PhD in artificial intelligence at UC Berkeley, with a focus on small neural networks in perception, for autonomous vehicles. Big fan of cheesecake, corgis, and … More about Alvin Wan

Getting Started With Machine Learning

What are the fundamentals of machine learning, and what are the necessary tools to evaluate risk and other concerns in a machine learning application? This article covers everything you need to get started.

The goal of machine learning is to find patterns in data and use those patterns to make predictions. It can also give us a framework to discuss machine learning problems and solutions — as you’ll see in this article.

First, we will start with definitions and applications for machine learning.

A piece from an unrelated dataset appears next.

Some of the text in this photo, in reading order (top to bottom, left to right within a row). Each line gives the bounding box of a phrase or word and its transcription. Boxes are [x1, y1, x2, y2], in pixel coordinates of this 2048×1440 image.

Then, we will discuss abstractions in machine learning and use that to frame our discussion: data, models, optimization models, and optimization algorithms. Later on in the article, we will discuss fundamental topics that underlie all machine learning methods and conclude with practical guidance for getting started with using machine learning. By the end, you should have an understanding of how to advance your practice and study of machine learning.

Let’s begin.

So, What Exactly Is Machine Learning?

Machine learning is generically a set of techniques to find patterns in data. Applications range from self-driving cars to personal AI assistants, from translating between French and Taiwanese to translating between voice and text. There are a few common applications of machine learning that already or could potentially permeate your day-to-day.

1. Detecting anomalies
Recognize spikes in website traffic or highlight abnormal bank activity.
2. Recommend similar content
Find products you may be looking for or even Smashing Magazine articles that are relevant.
3. Predict the future
Plan the path of neighboring vehicles or identify and extrapolate market trends for stocks.

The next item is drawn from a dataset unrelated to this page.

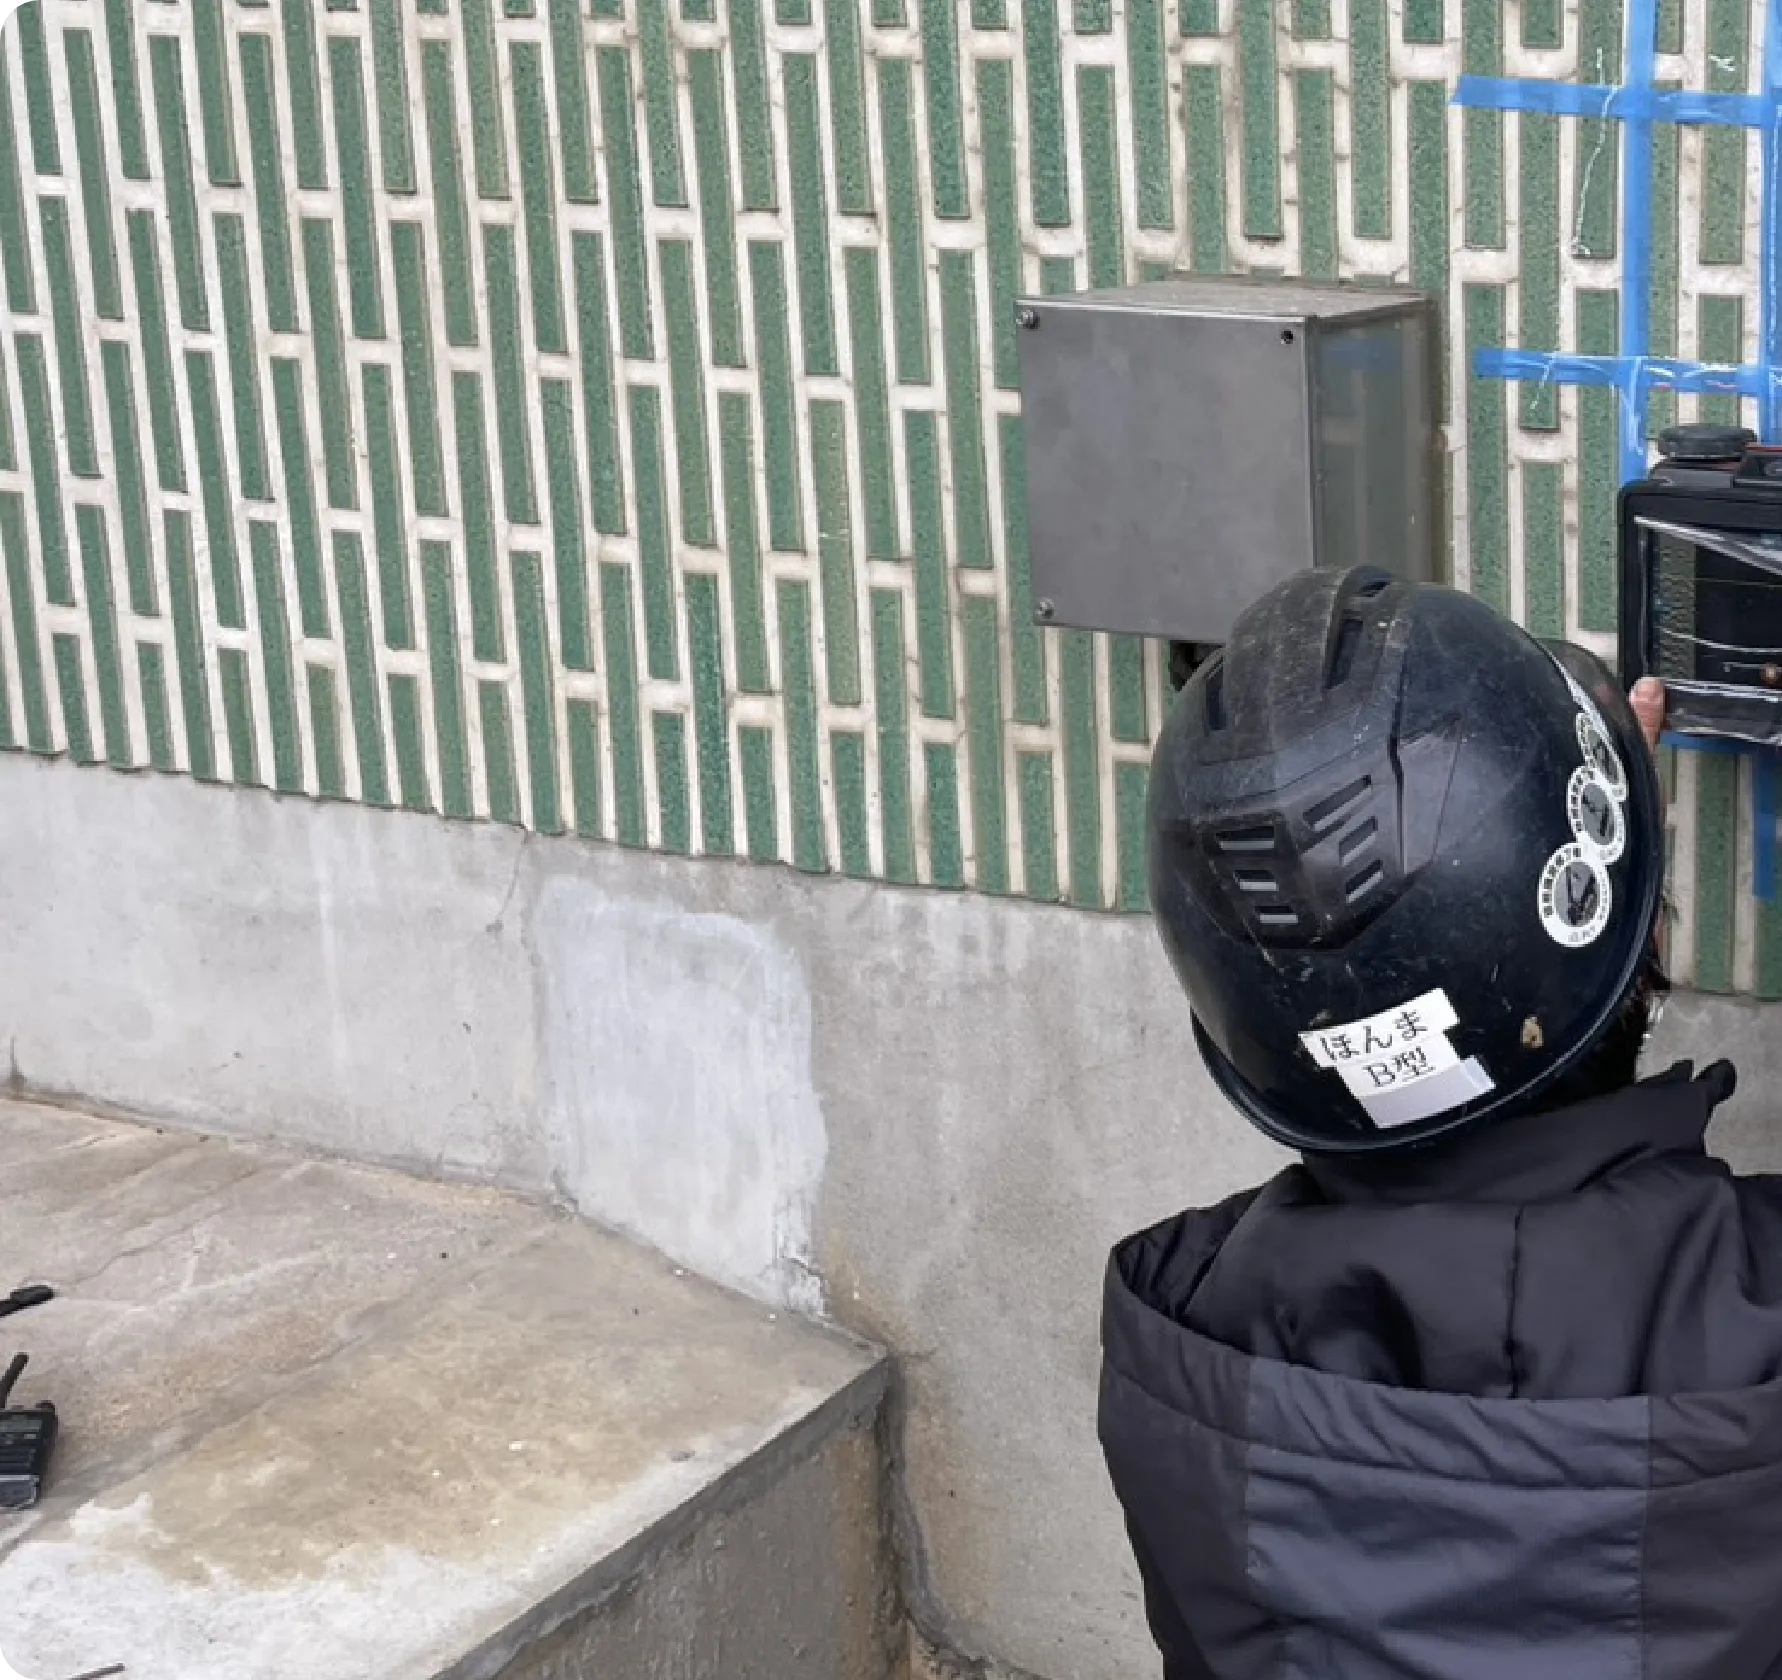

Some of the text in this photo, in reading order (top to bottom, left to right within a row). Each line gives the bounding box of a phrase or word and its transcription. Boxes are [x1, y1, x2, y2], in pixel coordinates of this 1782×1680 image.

[1320, 1011, 1428, 1061] ほんま
[1363, 1046, 1437, 1088] B型

The above are few of many applications of machine learning, but most applications tie back to learning the underlying distribution of data. A distribution specifies events and probability of each event. For example:

• With 50% probability, you buy an item \$5 or less.
• With 25% probability, you buy an item \$5-\$10.
• With 24% probability, you buy an item \$10-100.
• With 1% probability, you buy an item > \$100.

Using this distribution, we can accomplish all of our tasks above:

1. Detecting anomalies
With a \$100 purchase, we can confidently call this an anomaly.
2. Recommend similar content
A purchase of \$3 means we should recommend more items \$5 or less.
3. Predict the future
Without any prior information, we can predict that the next purchase will be \$5 or less.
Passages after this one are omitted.